25 March 2015
The usually frenetic streets of Langa, the old township on the periphery of South Africa’s Mother City will be filled with activities of a different kind on Sunday, 29 March.
Open Streets, a concept originating in Colombia and growing in popularity in Cape Town will take over from midday to 5pm. During these hours, several streets in Langa will be closed to vehicles and open to the community.
Jungle Walk, Rubusana Avenue and part of Washington Street will be car-free, allowing people to walk, cycle, skate and connect while enjoying the space in whatever legal way they like. An invitation has been made to the broader Cape Town community to use the opportunity to experience Langa’s street culture, by taking over the streets together for a few hours.
Open Streets Langa is a free community event and will be the second Open Streets day for Cape Town in 2015. The first took place on 18 January, when the Bree Street in the city bowl was closed to cars.
The concept of Open Streets originated in Bogota, Colombia and has been held in Cape Town several times over the past few years.
Public input
Understandably, buy-in from the public is crucial to the success of the day. For its latest outing, over the past five weeks, Open Streets Cape Town has been planning the day with local residents. From collectively designing a poster to discussing heritage issues, these meetings have been genuinely open platforms of engagement, says Open Streets.
Inspired by Bogota’s Ciclovia, the largest recreational programme in Colombia which turns 120km of city streets into car-free space for everyone to enjoy freely every single Sunday, Open Streets in Cape Town has been mobilised by a group of passionate volunteers committed to a more equitable, integrated, safer and vibrant city. They are guided by an Open Streets Manifesto.
Open Streets was founded in 2012 as a citizen-driven initiative, working to design and promote streets which embed and generate respect for people, regardless of who they are, and how they move. There is no entry fee to take part in Open Streets, which connects communities through healthy recreation, creative expression, local economic activity and alternative forms of transport.
To get into the spirit of keeping it as car-free as possible, the group has advised people to use public transport to get to Langa on Sunday – use the train, bus, taxi or your own steam to get there, they say.
Volunteers will be on hand at Cape Town Central Station to make it easier. Join this group and catch the train to Langa Train Station, where Open Streets volunteers will greet visitors. There will also be Open Streets volunteers at Cape Town Taxi Rank, pointing out minibus taxis heading to Langa. Look out for the taxis with Open Streets Langa Posters in the window.
Bicycle Cape Town is also organising a group of cyclists to ride together from the city centre, or take a Golden Arrow bus.
There is nothing new about the open streets concept. For the past 32 years Bogota, Colombia, has cleared its streets of automobiles every Sunday, and opened them to the community. Open streets are about breaking down barriers and connecting communities.
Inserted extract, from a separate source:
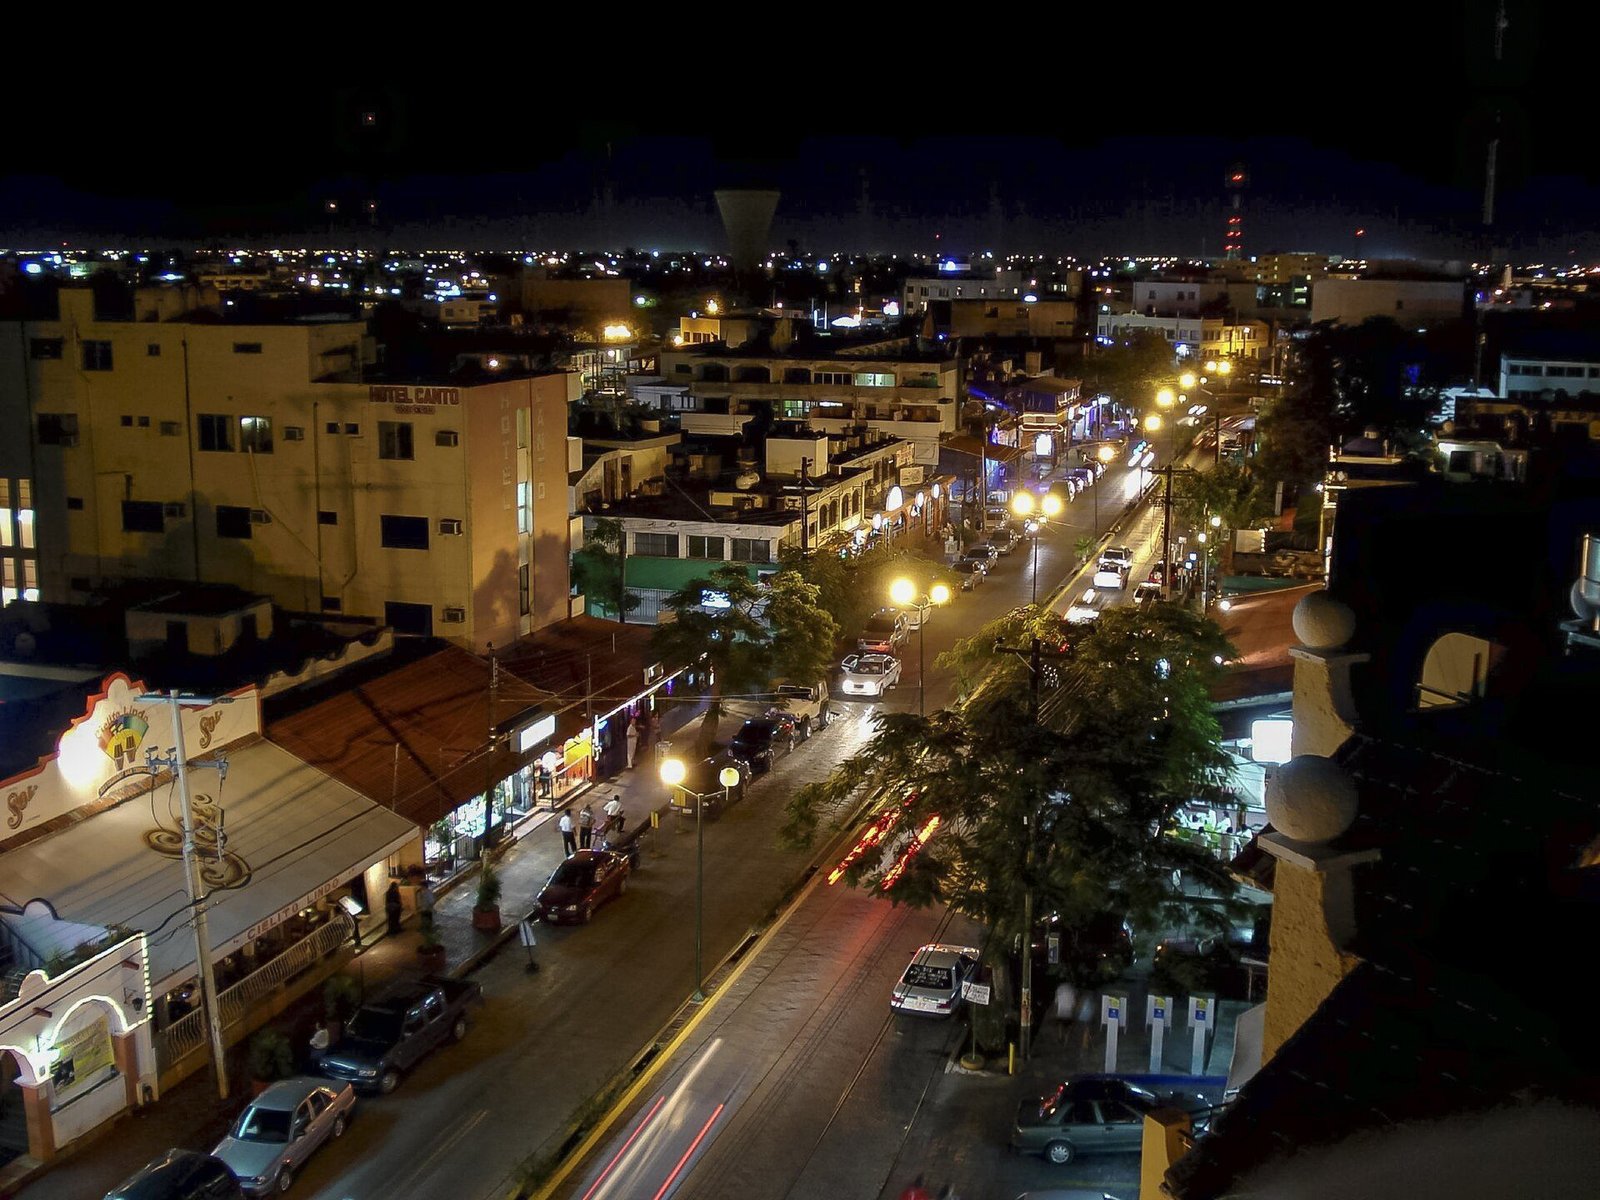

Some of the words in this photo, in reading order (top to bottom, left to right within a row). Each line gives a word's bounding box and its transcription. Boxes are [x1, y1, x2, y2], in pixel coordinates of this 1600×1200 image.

[369, 387, 414, 404] HOTEL
[414, 387, 459, 405] CANTO
[247, 903, 299, 940] CIELITO
[306, 878, 339, 904] LINDO
“The philosophy is to transform the way we experience streets,” says Open Streets founding member Marcela Guerrero Casas, a native of Bogota. “It allows us to see streets as more than just transport thoroughfares.”
Cycle lanes
It’s a simple concept, but shutting the streets to motorised traffic challenges the status quo. South Africans are used to cars and taxis. Yet as Guerrero Casas stresses, traffic is a logistical issue and can be overcome through working with the city officials and residents.
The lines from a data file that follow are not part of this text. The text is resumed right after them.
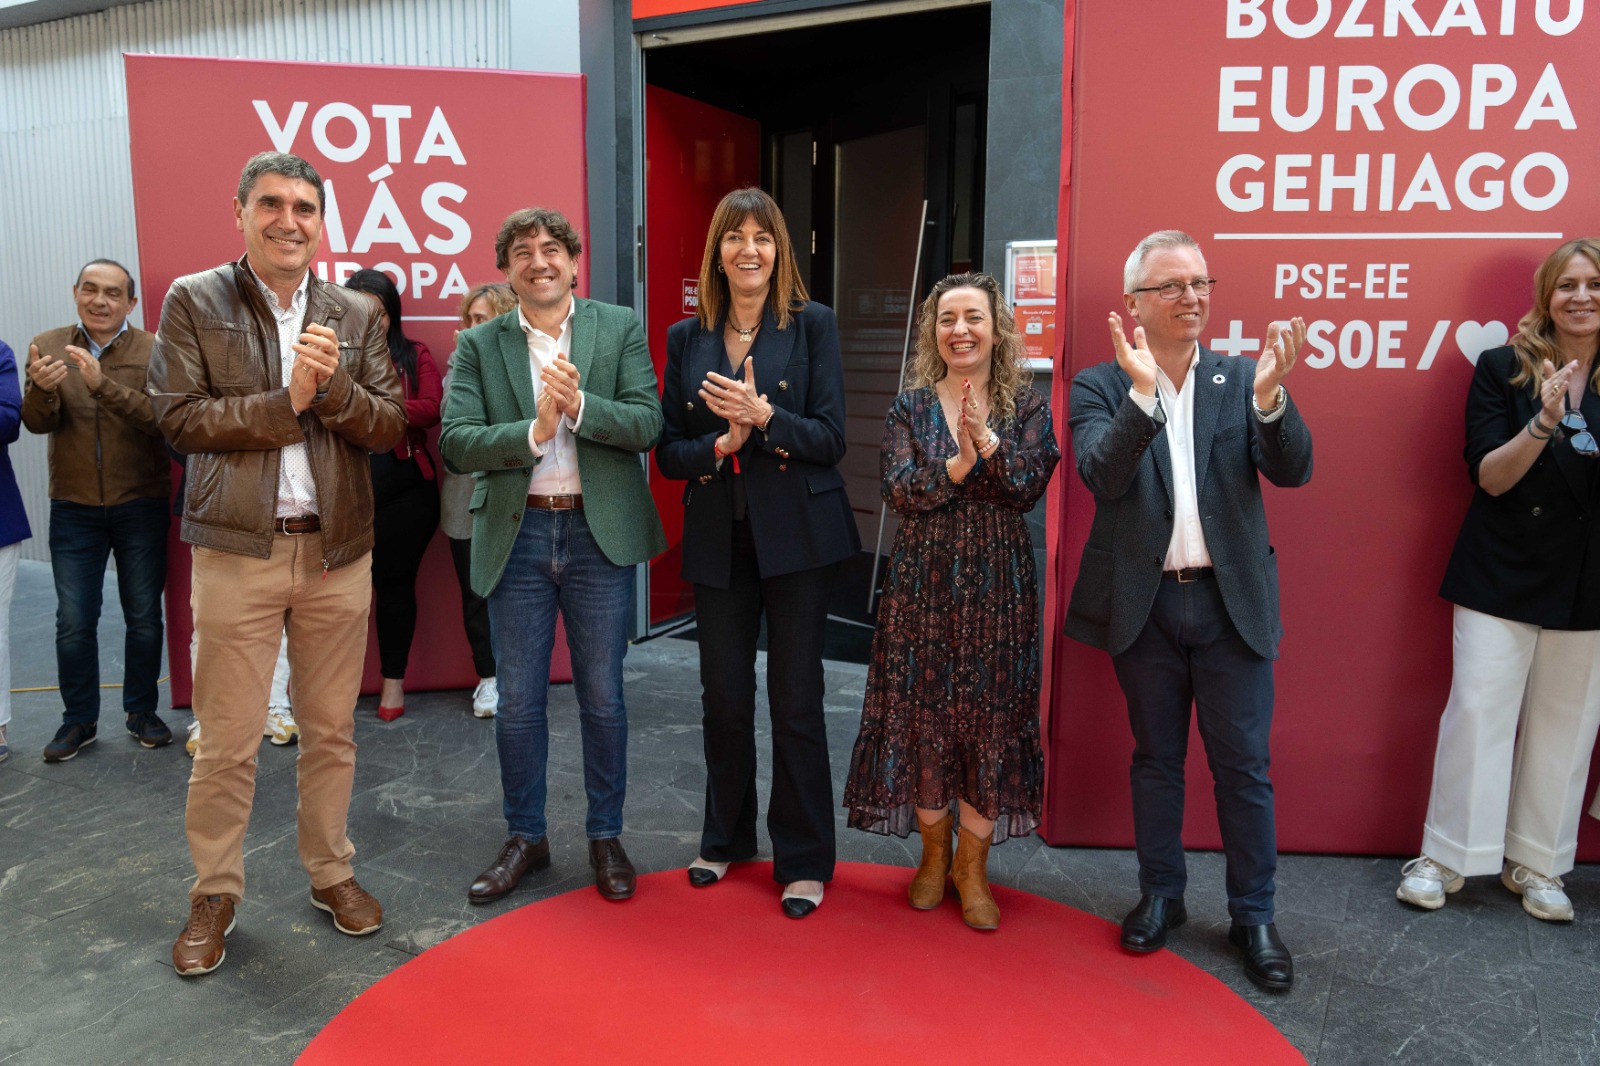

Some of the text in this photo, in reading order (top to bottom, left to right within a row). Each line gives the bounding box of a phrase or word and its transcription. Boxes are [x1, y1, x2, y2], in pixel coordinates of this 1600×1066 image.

[1218, 63, 1577, 132] EUROPA
[252, 100, 467, 165] VOTA
[1216, 152, 1569, 212] GEHIAGO
[1275, 263, 1409, 299] PSE-EE
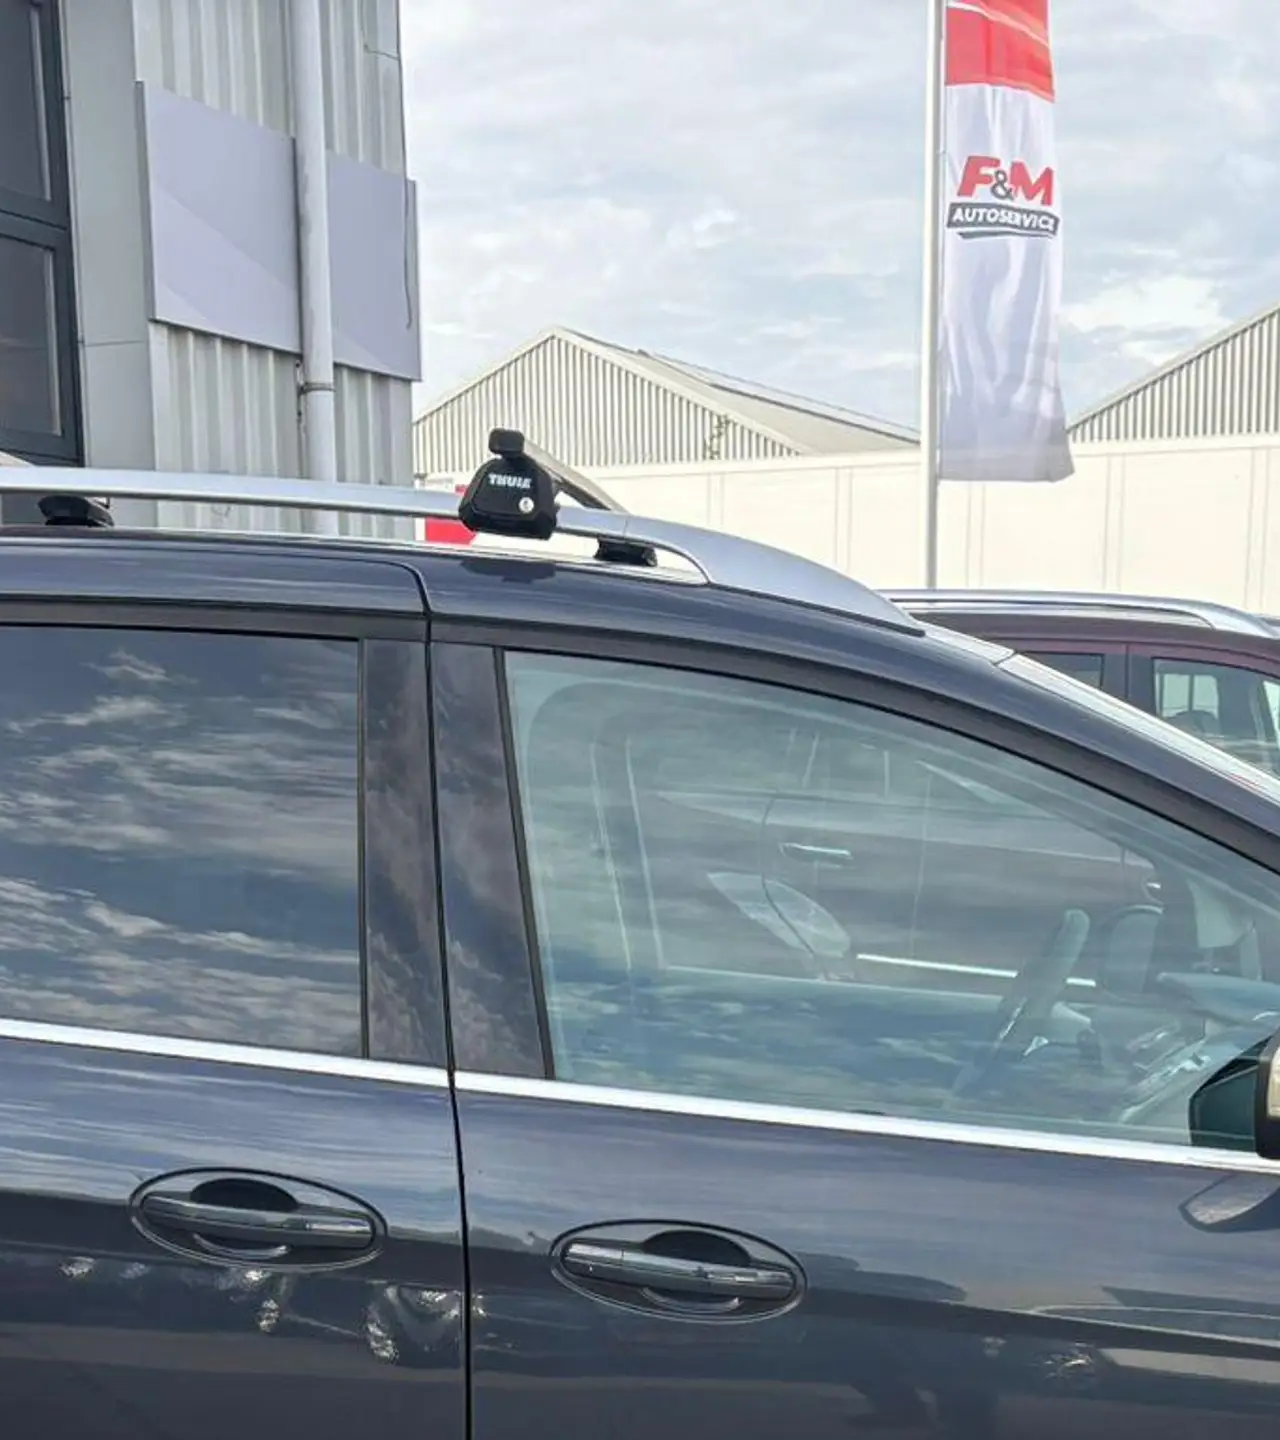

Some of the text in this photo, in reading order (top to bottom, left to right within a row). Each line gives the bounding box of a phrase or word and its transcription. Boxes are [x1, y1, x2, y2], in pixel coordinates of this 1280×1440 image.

[957, 155, 1054, 206] F&M
[952, 207, 1055, 230] AUTOSERVICE
[489, 472, 532, 488] THULE
“The main thing is to get people’s support – so they see the value of it and don’t view it as an inconvenience. It is about showing people what a street could be. It must be a gradual approach, and practical. We are selling an experience, a philosophy.”
In the long term, there can be hard infrastructural changes, such as installing more cycle lanes, as well as soft changes, such as getting people to participate fully. “The concept of Open Streets is easy to sell. After all, we all want safer streets, and the lack of safety on our streets is a daily reality,” she adds.
The group says that by embracing the philosophy, all residents can create shared places that embody respect for all and help to bridge the social and spatial divides of their city.
In its manifesto, Open Streets says it believes that streets should:
- Enable safer and more cohesive communities;
- Provide platforms for creative expression of local cultures and values;
- Be places for recreation and social interaction;
- Contribute to job creation and local economic activity; and,
- Provide choice in how we move around the city.
It is not the first time Open Streets will be in Langa. Rubusana Street was closed to traffic on 12 October 2013. Homes were opened to arts and the street to people’s activity and creativity. Part of Maboneng Township Arts Experience, a permanent arts route, was opened on the day in the Langa Quarter.
Activities on the day included yoga, street drawing, skateboarding and games for children, as well as cycling.
Open Streets has other activities, such as its Talking Streets series. The group leads some guests along a pre-selected street “to imagine together what is required to turn it into a genuine ‘open street’ that embeds respect for people regardless of who they are and how they move”, says Guerrero Casas.
The aim is to engage friends of Open Streets to share ideas, experience together and ‘walk the talk’ in helping to pave the way for a street revolution of sorts in Cape Town. The day starts by walking along the street to learn what is already happening and to explore what else can be done to maximise its potential.